For all the warnings over the past few weeks - from police, from clubs, from managers - a certain section of the football-going public will continue to pay little heed. It will take a concerted effort from all parties to improve things, but today showed it won’t be a quick fix.
Bobby Burns struggled on return to starting eleven
Bobby Burns’ last start for Hearts was all the way back in July, when Craig Levein’s men only managed a 1-1 draw with Raith Rovers in the League Cup. After making his return against Rangers midweek, he was thrust into action from the off in the derby and it proved to be a chastening experience. In the unfamiliar position of full back, and up against the pace and trickery of Daryl Horgan, Burns struggled throughout.
Horgan’s advances down the right flank were Hibs’ only sign of attacking intent in the opening half hour of this afternoon’s fixture, clearly fancying his chances against an opponent whose last start had come in December on loan at Livingston. And it was Horgan that brought the visitors level after Haring had broken the deadlock for Hearts, keeping enough space between himself and Burns to slide Marc McNulty’s cross past Zdenek Zlamal.
Horgan bested Burns again for second goal.

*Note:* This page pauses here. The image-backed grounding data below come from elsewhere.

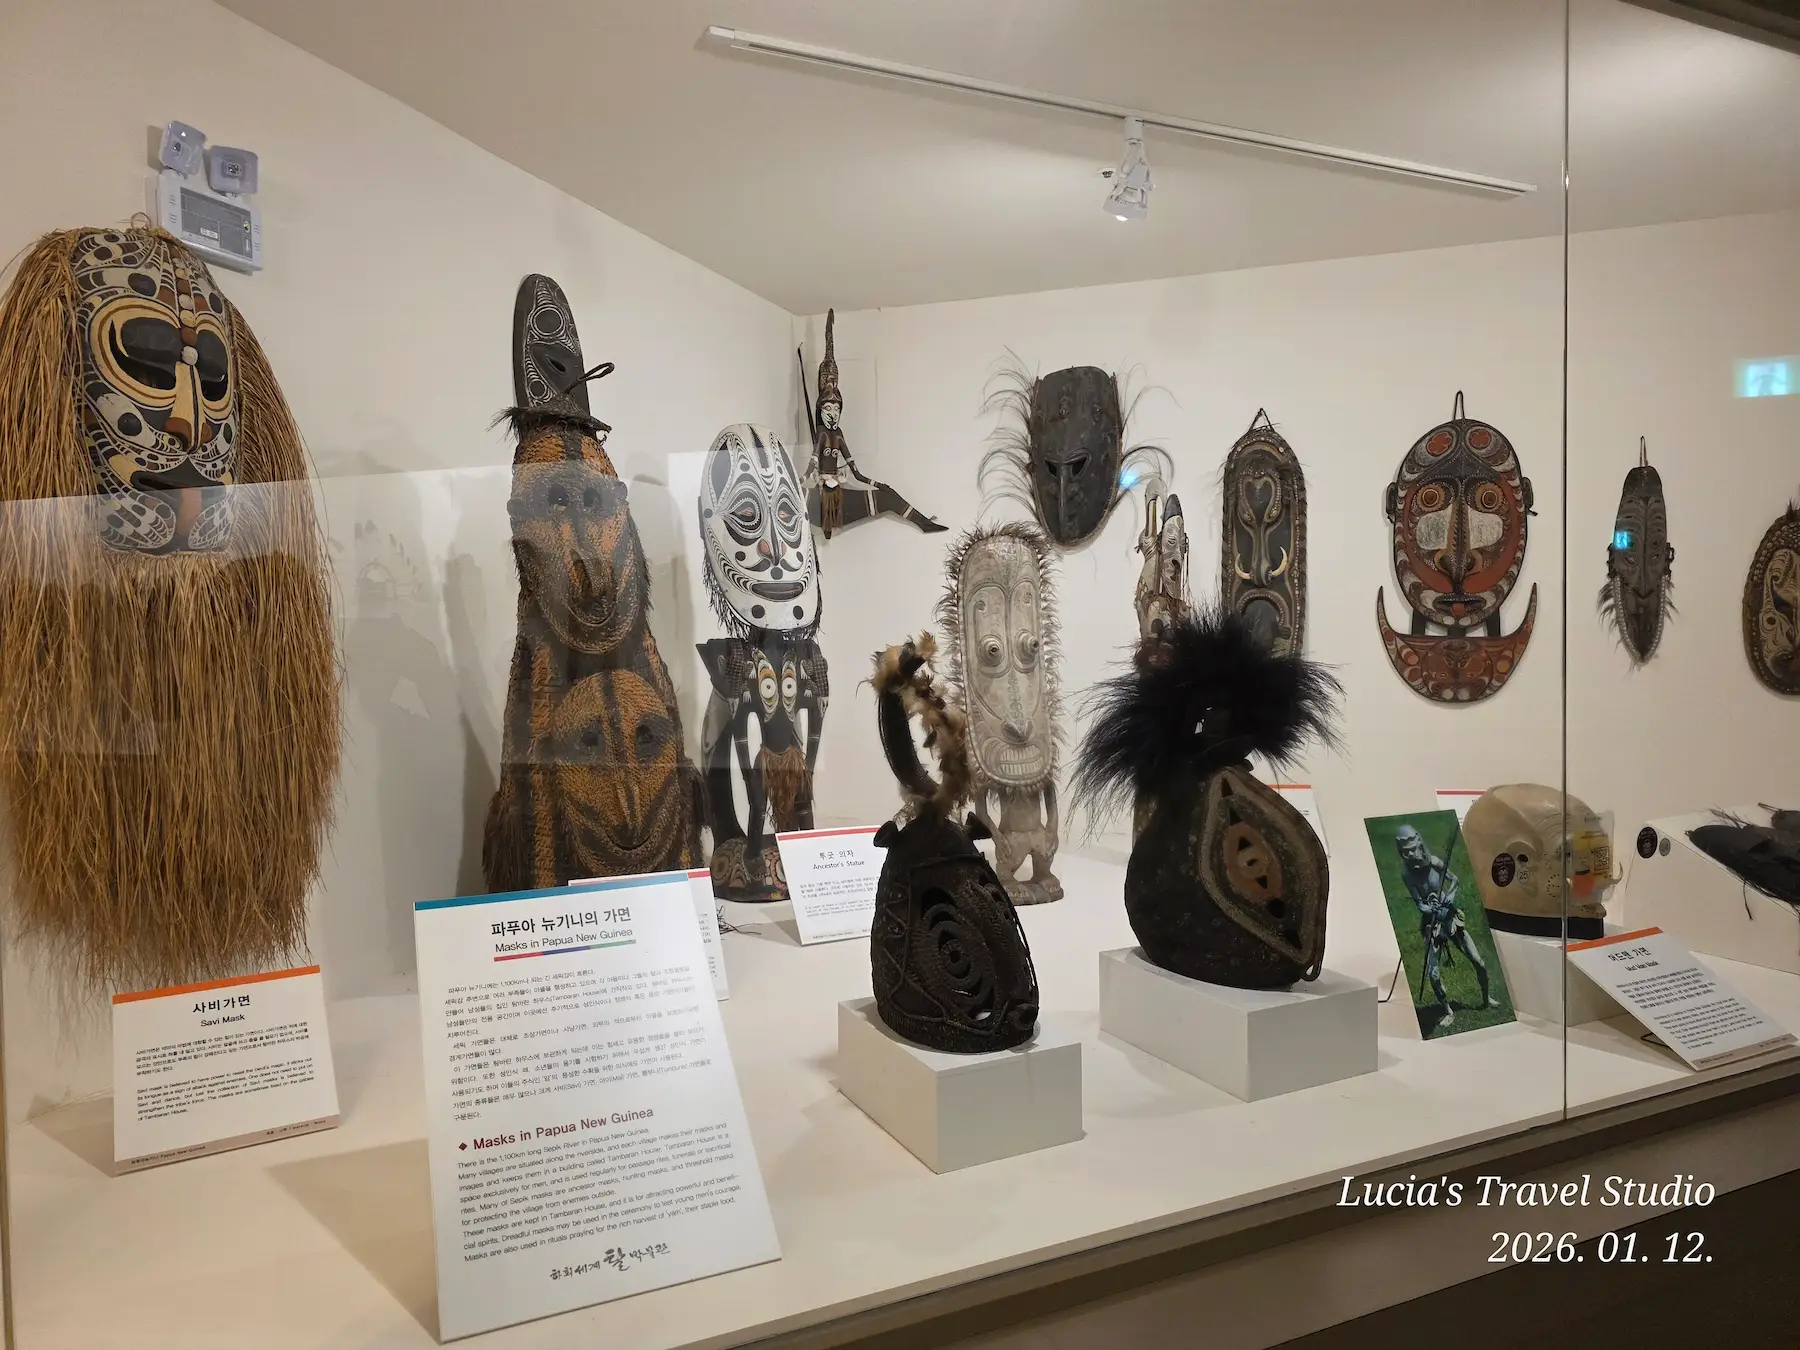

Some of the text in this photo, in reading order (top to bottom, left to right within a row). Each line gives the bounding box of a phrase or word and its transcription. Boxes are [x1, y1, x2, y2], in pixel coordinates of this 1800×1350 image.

[812, 860, 844, 869] Ancestor's
[839, 850, 854, 858] 의자
[490, 906, 631, 936] 파푸아 뉴기니의 가면
[495, 928, 633, 952] Masks in Papua New Guinea
[1631, 946, 1651, 956] 가면
[192, 994, 250, 1013] 사비가면
[200, 1013, 245, 1027] Savi Mask
[473, 1108, 653, 1150] Masks in Papua New Guinea
[457, 1160, 477, 1168] There
[542, 1143, 562, 1152] Sepik
[562, 1140, 579, 1149] River
[588, 1135, 610, 1144] Papua
[610, 1132, 625, 1140] New
[457, 1172, 477, 1180] Many
[478, 1166, 504, 1176] villages
[517, 1157, 544, 1168] situated
[544, 1155, 563, 1163] along
[606, 1143, 619, 1151] and
[620, 1139, 636, 1148] each
[637, 1136, 657, 1144] village
[679, 1128, 693, 1136] their
[694, 1125, 714, 1133] masks
[458, 1182, 484, 1191] images
[501, 1174, 523, 1183] keeps
[524, 1170, 542, 1178] them
[558, 1162, 584, 1172] building
[586, 1156, 605, 1166] called
[606, 1151, 639, 1162] Tambaran
[663, 1139, 695, 1150] Tambaran
[696, 1135, 717, 1143] House
[459, 1193, 481, 1203] space
[482, 1185, 519, 1198] exclusively
[549, 1176, 563, 1185] and
[571, 1171, 588, 1180] used
[589, 1166, 617, 1176] regularly
[627, 1159, 655, 1170] passage
[479, 1202, 498, 1210] Many
[509, 1195, 529, 1204] Sepik
[530, 1191, 553, 1200] masks
[567, 1181, 595, 1192] ancestor
[713, 1152, 734, 1161] masks
[462, 1228, 484, 1237] These
[486, 1223, 509, 1233] masks
[523, 1215, 539, 1224] kept
[548, 1207, 583, 1219] Tambaran
[608, 1198, 622, 1207] and
[674, 1180, 701, 1193] powerful
[702, 1178, 715, 1186] and
[472, 1211, 507, 1225] protecting
[521, 1204, 543, 1213] village
[544, 1200, 561, 1208] from
[561, 1194, 590, 1205] enemies
[501, 1229, 531, 1242] Dreadful
[531, 1225, 555, 1235] masks
[555, 1221, 570, 1229] may
[582, 1214, 599, 1224] used
[620, 1203, 652, 1216] ceremony
[674, 1195, 694, 1204] young
[695, 1188, 714, 1200] men's
[463, 1251, 488, 1261] Masks
[503, 1245, 519, 1253] also
[519, 1239, 537, 1250] used
[547, 1233, 567, 1244] rituals
[568, 1228, 594, 1240] praying
[632, 1213, 657, 1224] harvest
[684, 1204, 699, 1212] their
[699, 1200, 719, 1209] staple

The Hibs winger started and finished a flowing move, leaving the Hearts man trailing in his wake. It was to be the telling factor in an otherwise close encounter.
Hearts’ season will now be defined by the Scottish Cup
After all of the promise, Hearts’ season will now be defined by one fixture.

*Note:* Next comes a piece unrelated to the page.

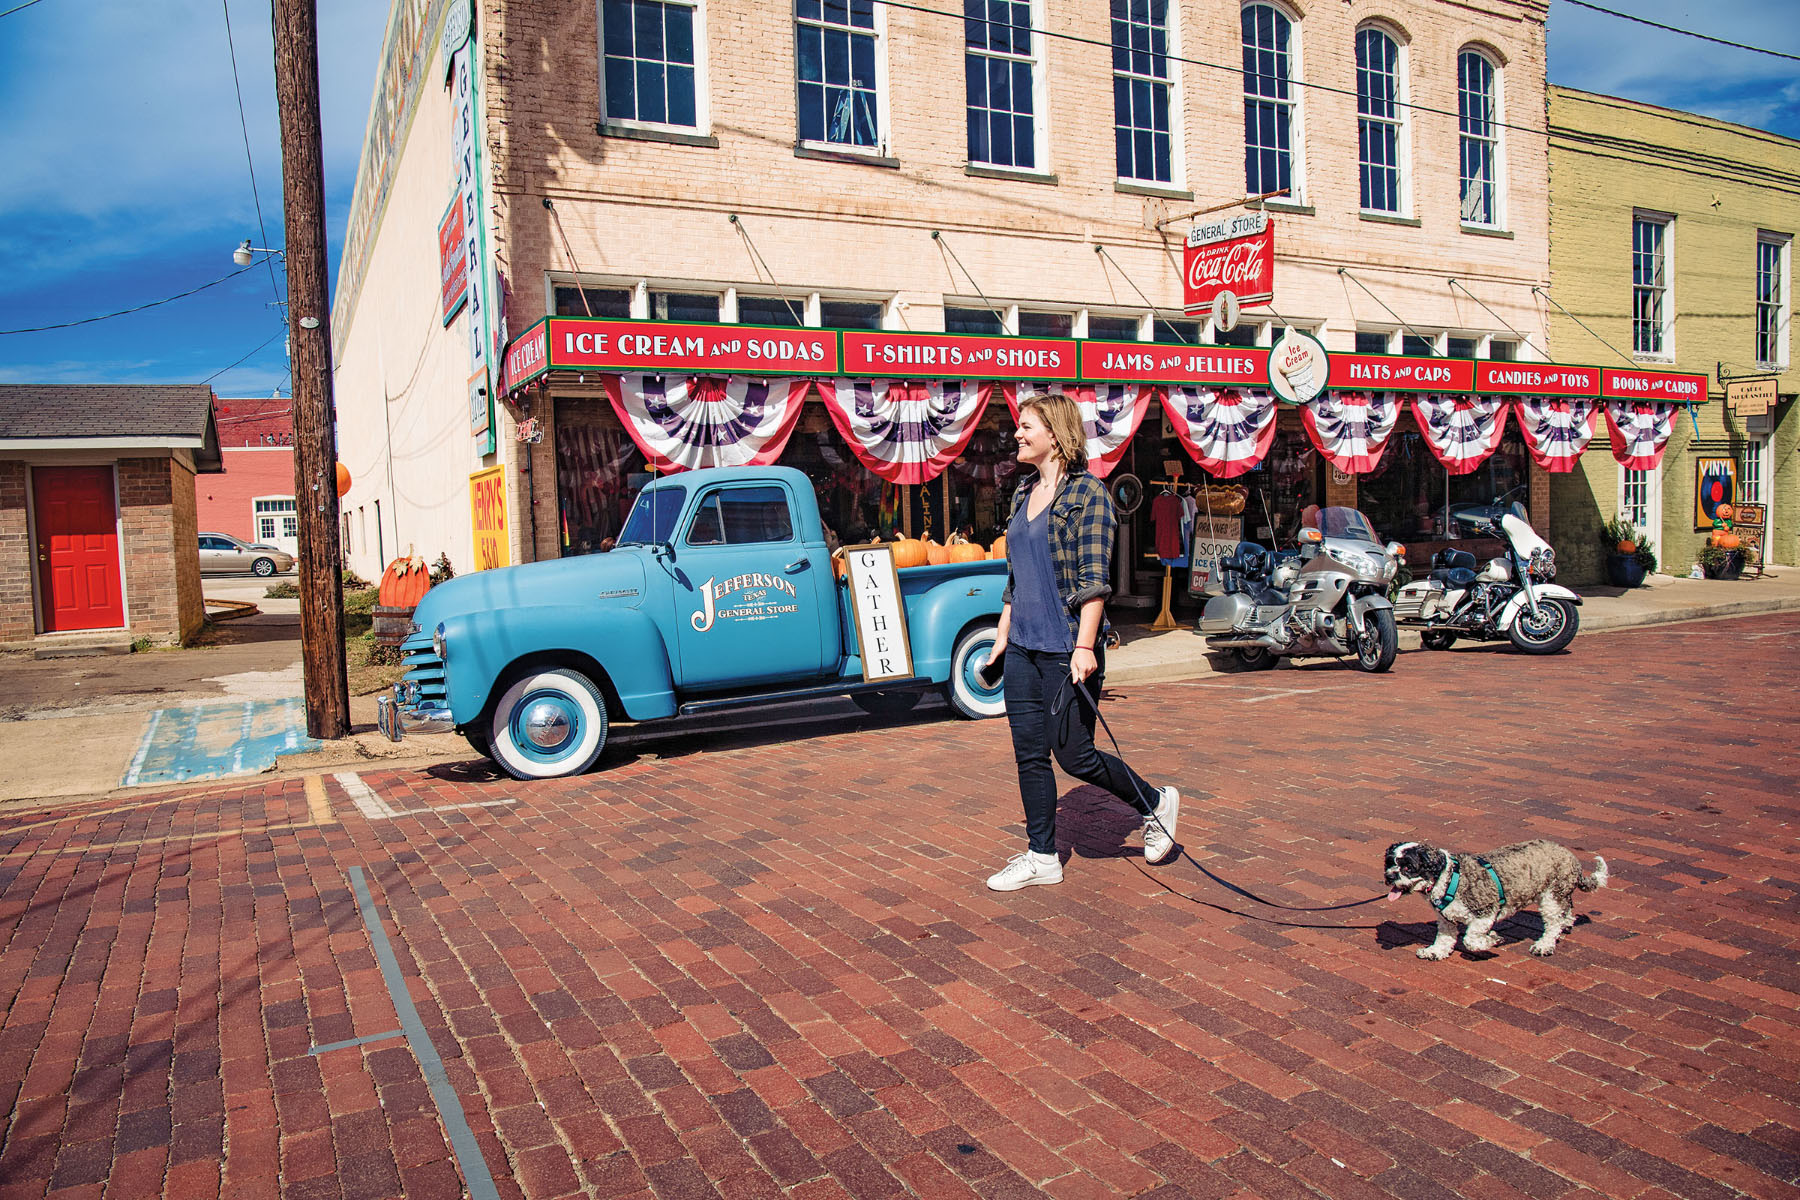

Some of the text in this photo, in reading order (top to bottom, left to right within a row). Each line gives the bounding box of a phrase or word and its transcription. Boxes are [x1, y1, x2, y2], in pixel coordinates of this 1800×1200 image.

In the wake of this loss which surely blows any hope of finishing in the top three, next Saturday’s Scottish Cup semi final against Inverness Caledonian Thistle is Hearts’ final chance to rescue the campaign.
Win - and then win again in the final - and the slump which has seen them fall from legitimate title challengers to also-rans in the league will be forgotten. Lose and a season that promised so much will end with discontent and disappointment. A defeat to the Championship side will also heap pressure on Craig Levein.
The early months of the season - when the manager was riding a wave of positivity and his pre- and post-match interviews were treated with the glee - seem a long time ago, with the Tynecastle faithful growing increasingly frustrated with him. An exit from the cup and the pressure will build further.
The rare joy of an entertaining Edinburgh derby
It doesn’t happen often these days so it’s worth pointing out that this was an Edinburgh derby which lived up to the billing. Horgan’s second goal aside it wasn’t a game of high quality, but there was plenty to capture the attention.
Seven of the previous ten derbies had finished either goalless or had been settled by a solitary goal, so the three this afternoon seemed almost extravagant. In fact, there could have been more. Hearts especially wasted a host of presentable opportunities, most of which seemed to fly high over Ofir Marciano’s crossbar. There were a number of controversial decisions too, with Marc McNulty perhaps lucky to escape a red card for a studs-up challenge in the first half.
With one more derby to come this term, hopefully this is the start of an exciting run of contests.